McLouth's annual Threshing Bee shows people how farming was before the invention of modern machinery.
Ralph Bailey met his wife at his first Threshing Bee.
Her father was president of the Bee, which has been held in McLouth on the first full weekend in August every year for the past 37 years. She was working at the gate and met Ralph when he came to check in a fire engine he was going to show.
Today, Bailey is president of the annual event and spends a full year organizing its activities, which are intended to show what farm life used to be like.
"It's kind of remembering the past, how farming used to be done," Bailey said. "We still have the steam engines used and the threshing machines. That's how they used to do it before combines. It was a community affair. People went from farm to farm, and everybody worked together back then. It was a celebration."
The Bee, which is the largest in Northeast Kansas, began Friday with a concert by Brian Black, cousin of country and western star Clint Black. It continued all day Saturday and today.

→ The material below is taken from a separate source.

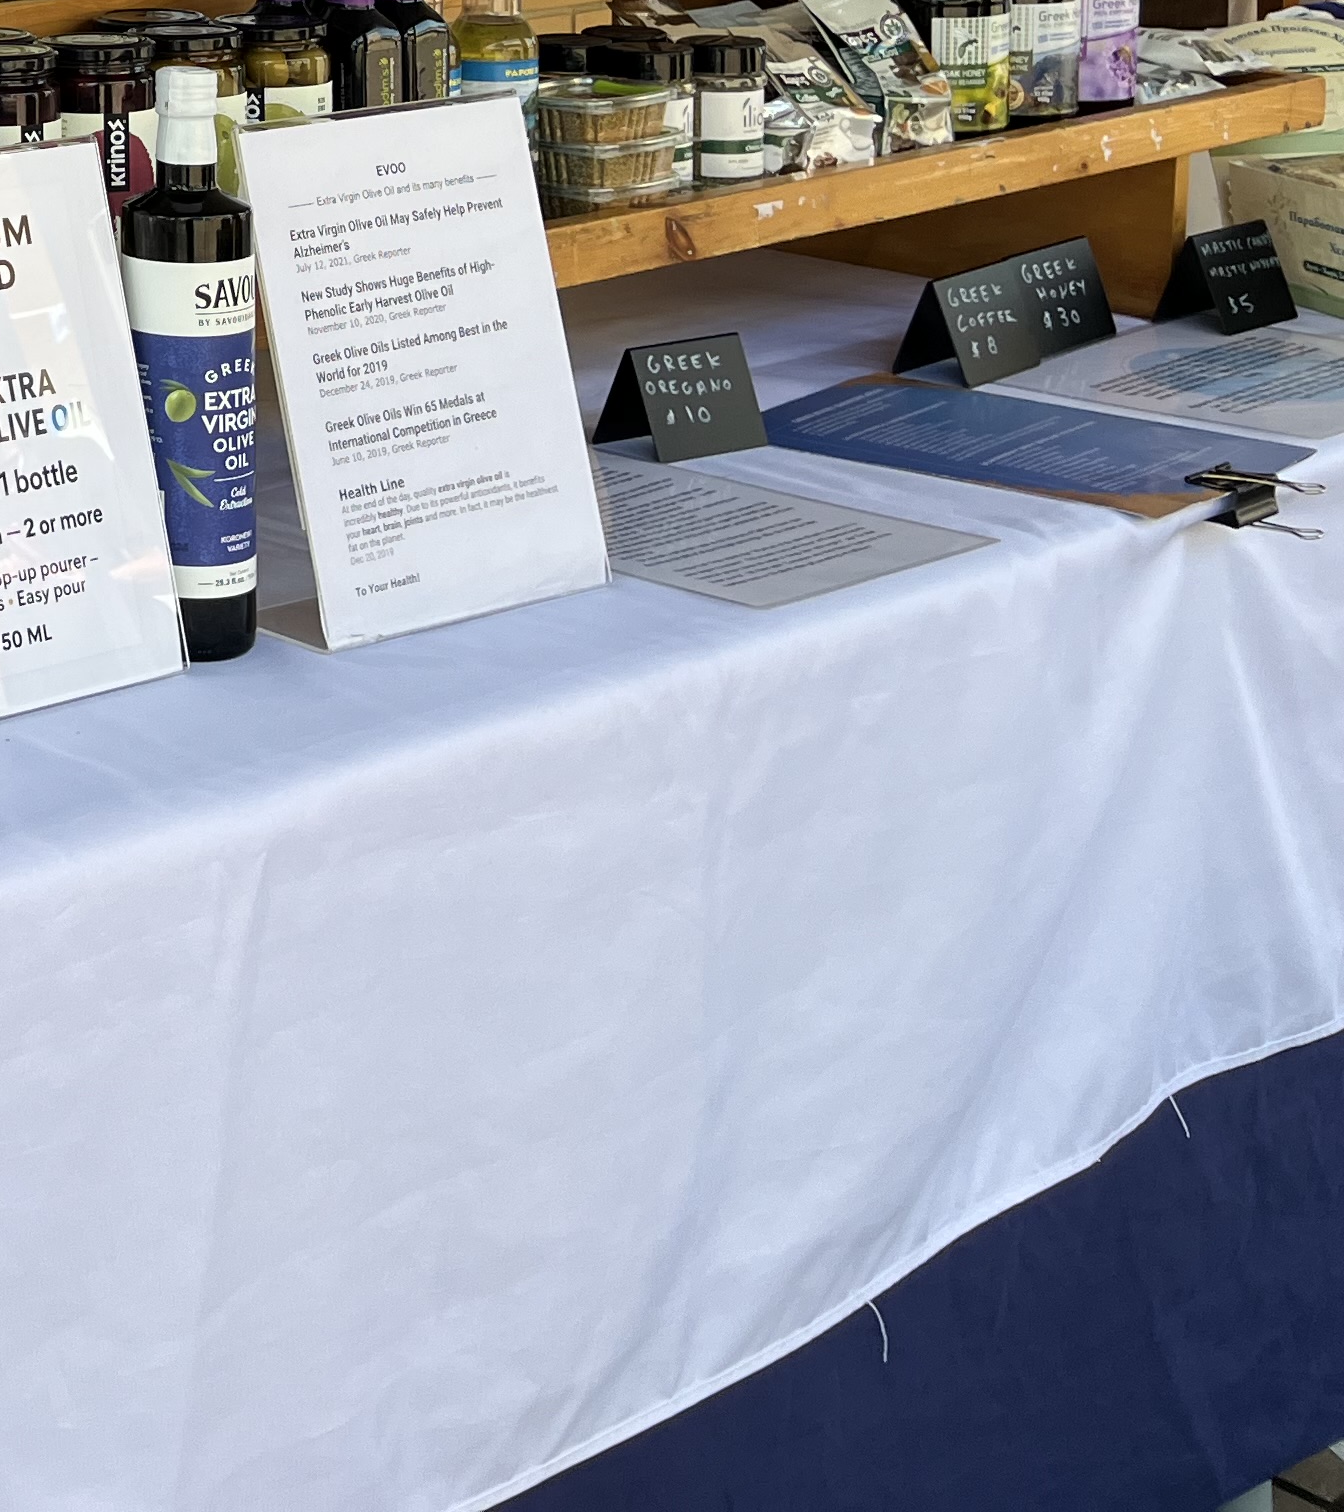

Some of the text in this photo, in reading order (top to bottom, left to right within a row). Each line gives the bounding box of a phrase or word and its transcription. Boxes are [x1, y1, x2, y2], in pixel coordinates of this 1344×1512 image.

In addition to threshing exhibitions, the weekend included an antique-tractor pull, antique-car show, a country dancing exhibition, flea market, draft-horse pull, train ride and tractor pull for children and other activities and shows.
"It brings in a lot of money for us and brings in a lot of different people," Bailey said. "It kind of puts the city on the map."
B.J. Robinson, Bailey's father-in-law and the former Bee president, said the event started 37 years ago on a farm owned by late McLouth resident Herman 'Slim' Watson.
"Him and a couple of his neighbors got their heads together and decided they wanted to do a little threshing," he said. "One summer day in August, they decided they'd do a little threshing and they did a little advertising. At that first show, 2,000 people showed up."
The show continued on Watson's farm for several years, until the association that was formed acquired 60 acres, on which the Bee is held every year.
"Everyone comes out for the Bee," Robinson said. "We keep this town alive through this show."
David McHenry, treasurer of the McLouth Kiwanis that supply food for the Bee, said the annual event helped to bring the community together.
"It's a way of keeping history alive," he said. "A lot of young kids have never seen this. And it brings people together. Not only the workers, but the whole community. Everyone seems to have a good time."